Birgitte Bak-Jensen is a Danish professor and researcher at the Department of Energy Technology at Aalborg University. Her research is aimed at intelligent energy systems and active electrical grids.

== Education ==
Birgitte Bak-Jensen completed her master's degree in System Engineering (MSc.Eng.) at Aalborg University in 1986. In 1992, she received her PhD for her dissertation on the modeling of high voltage components, also from Aalborg University.

== Career ==
Since 1988, Birgitte Bak-Jensen has been employed at Aalborg University. She has held positions as a research fellow, assistant professor, lecturer, and has later on become a full-time professor. In her research, she has mainly been occupied within the field of electric power distribution in electrical grids. In her first years as a researcher, Bak-Jensen primarily focused on the stability and quality of electricity.

In recent years, Bak-Jensen has been occupied with the future electrical grids and their integration of Sustainable energy sources and the new load from electrical cars, heat pumps, and battery storages. Furthermore, she is contributing to the field in numerous national and international research projects, of which she is working as the project manager on some of these.

Bak-Jensen is also a core-research scientist at Center for Data-Intensive Cyber-Physical Systems (DiCyPS). At the research center, which is funded by Innovation Fund Denmark, the primary objective is working "[…] on utilizing software and data from the IT management of complex physical systems for the development of smarter and more user-friendly solutions for society and individuals.".
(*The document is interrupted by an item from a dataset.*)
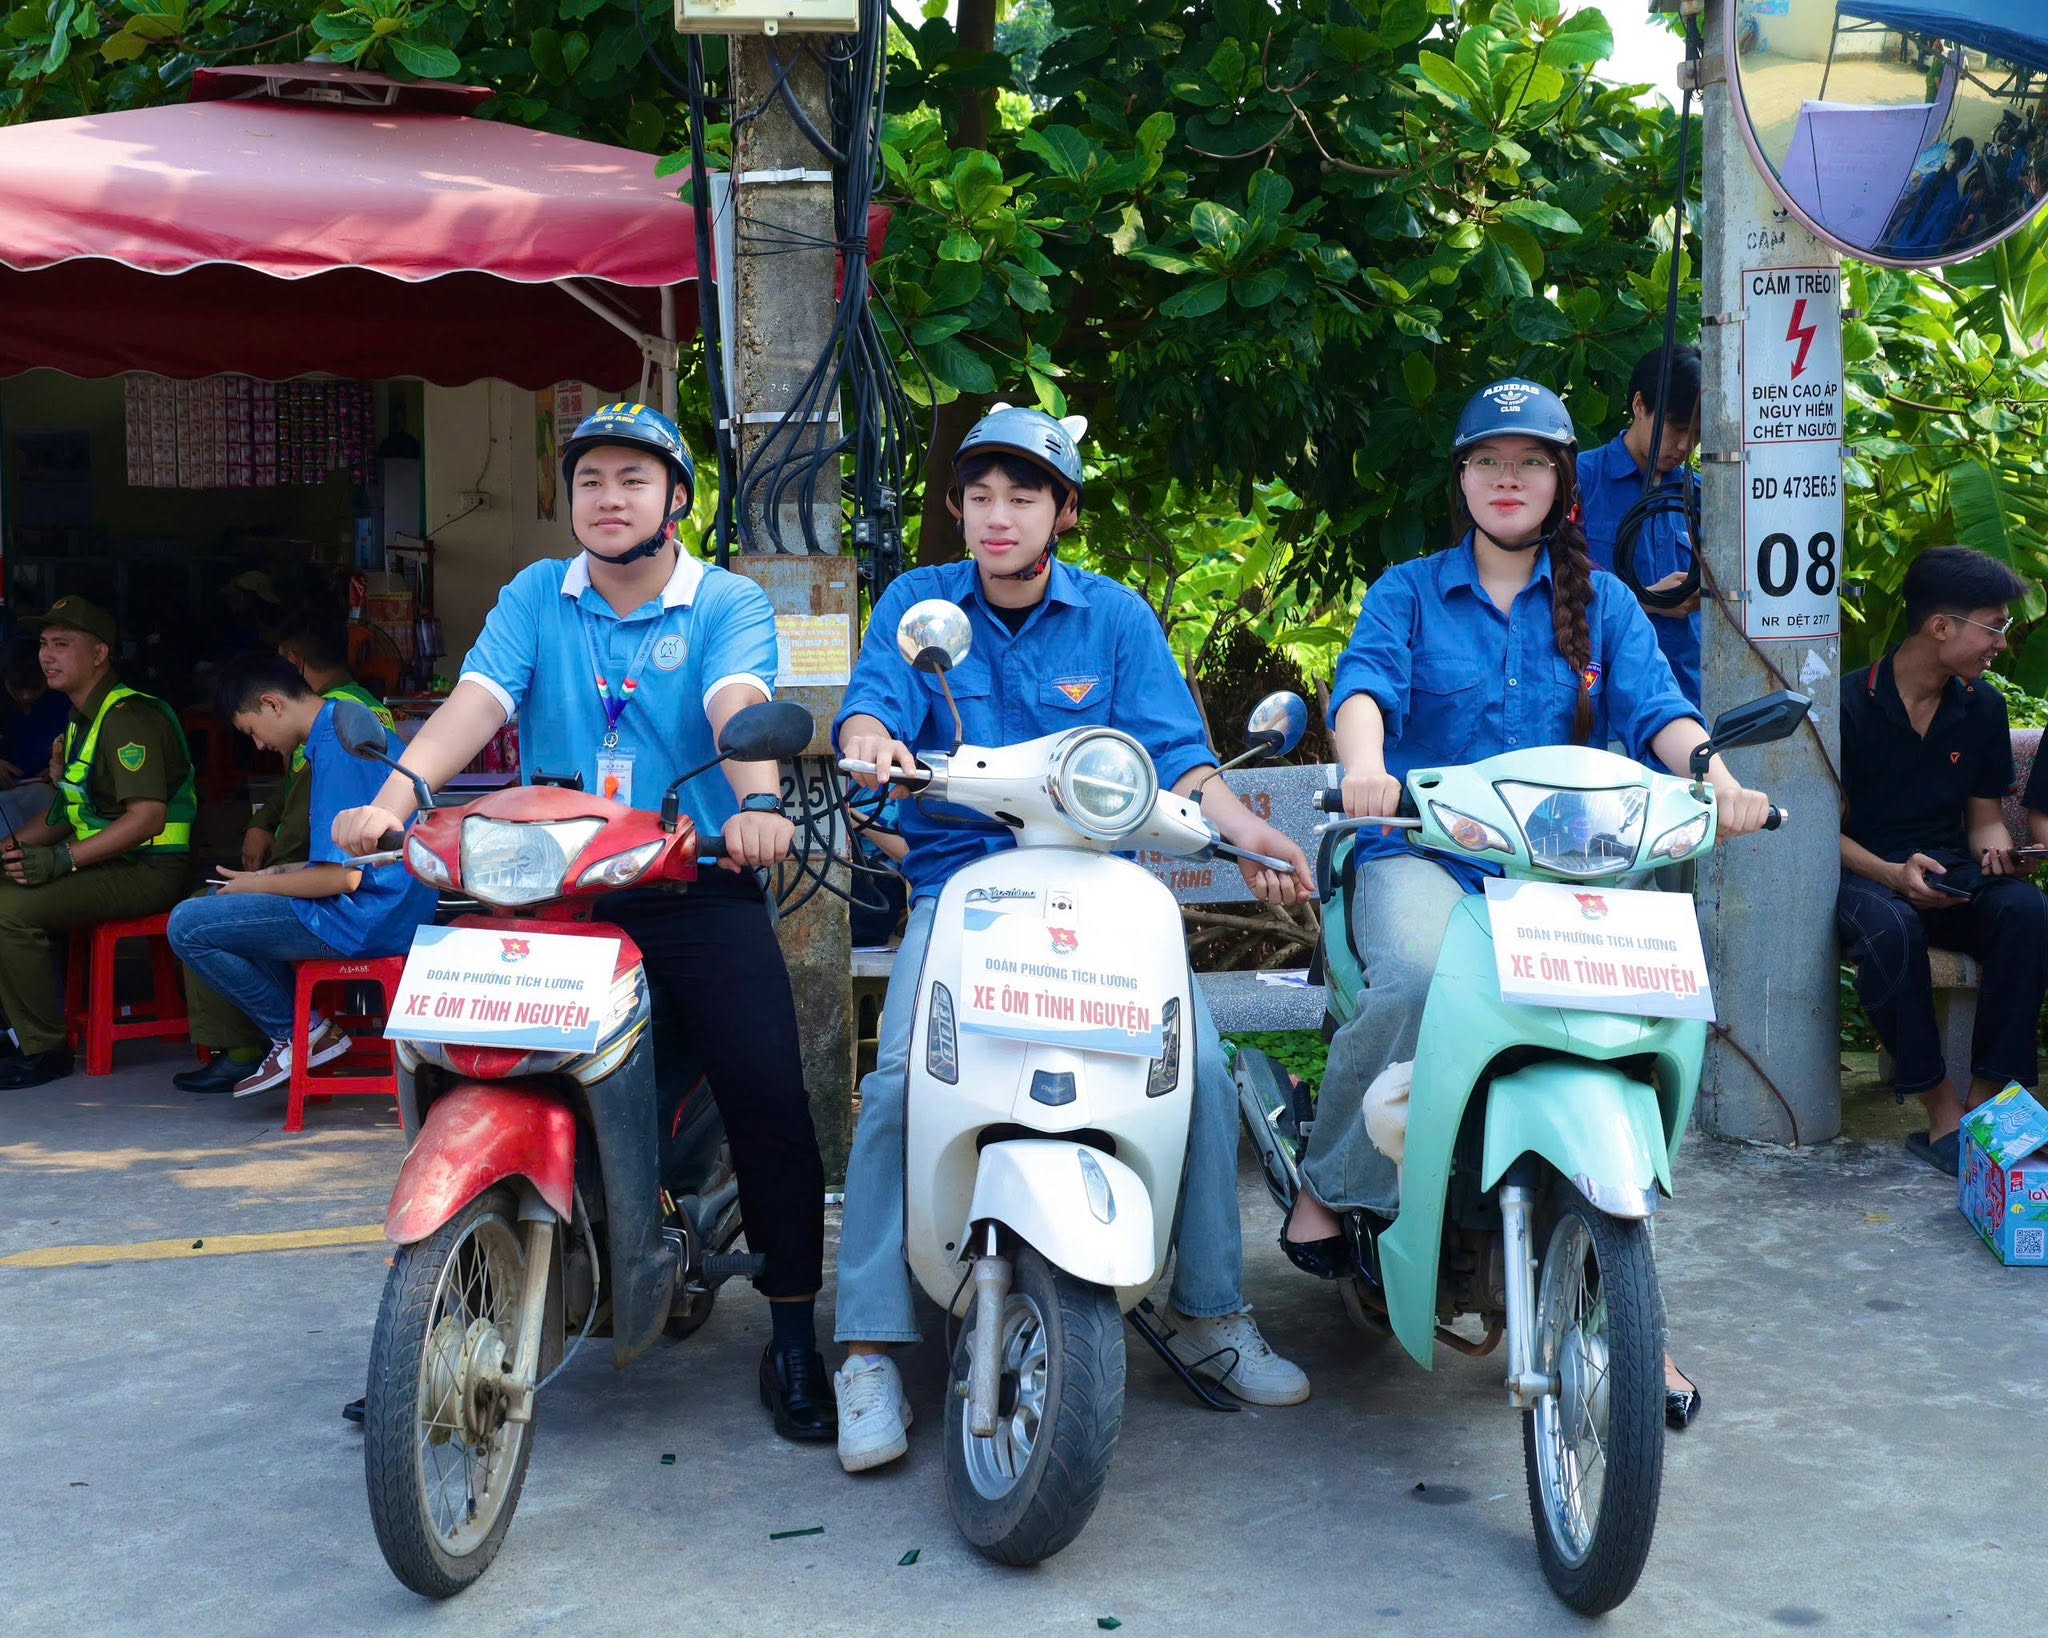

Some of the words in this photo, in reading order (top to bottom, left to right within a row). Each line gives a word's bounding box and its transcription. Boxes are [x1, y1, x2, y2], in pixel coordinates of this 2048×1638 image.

In addition, Bak-Jensen is the project manager of the project ‘Determination of Automation Demands for Improved Controllability and Observability in Distribution Networks’ (DECODE), which develops innovative methods and techniques for accurately estimating the performance of distribution grids.

== Achievements ==
In 2018, Birgitte Bak-Jensen received "The CIGRE Technical Council Award" for her active participation in the activities of the technical work of the Study Committees at the CIGRE Technical Council.

== Publications ==
Bak-Jensen has 138+ published works, which has been cited in 2829+ different documents and 7168+ instances.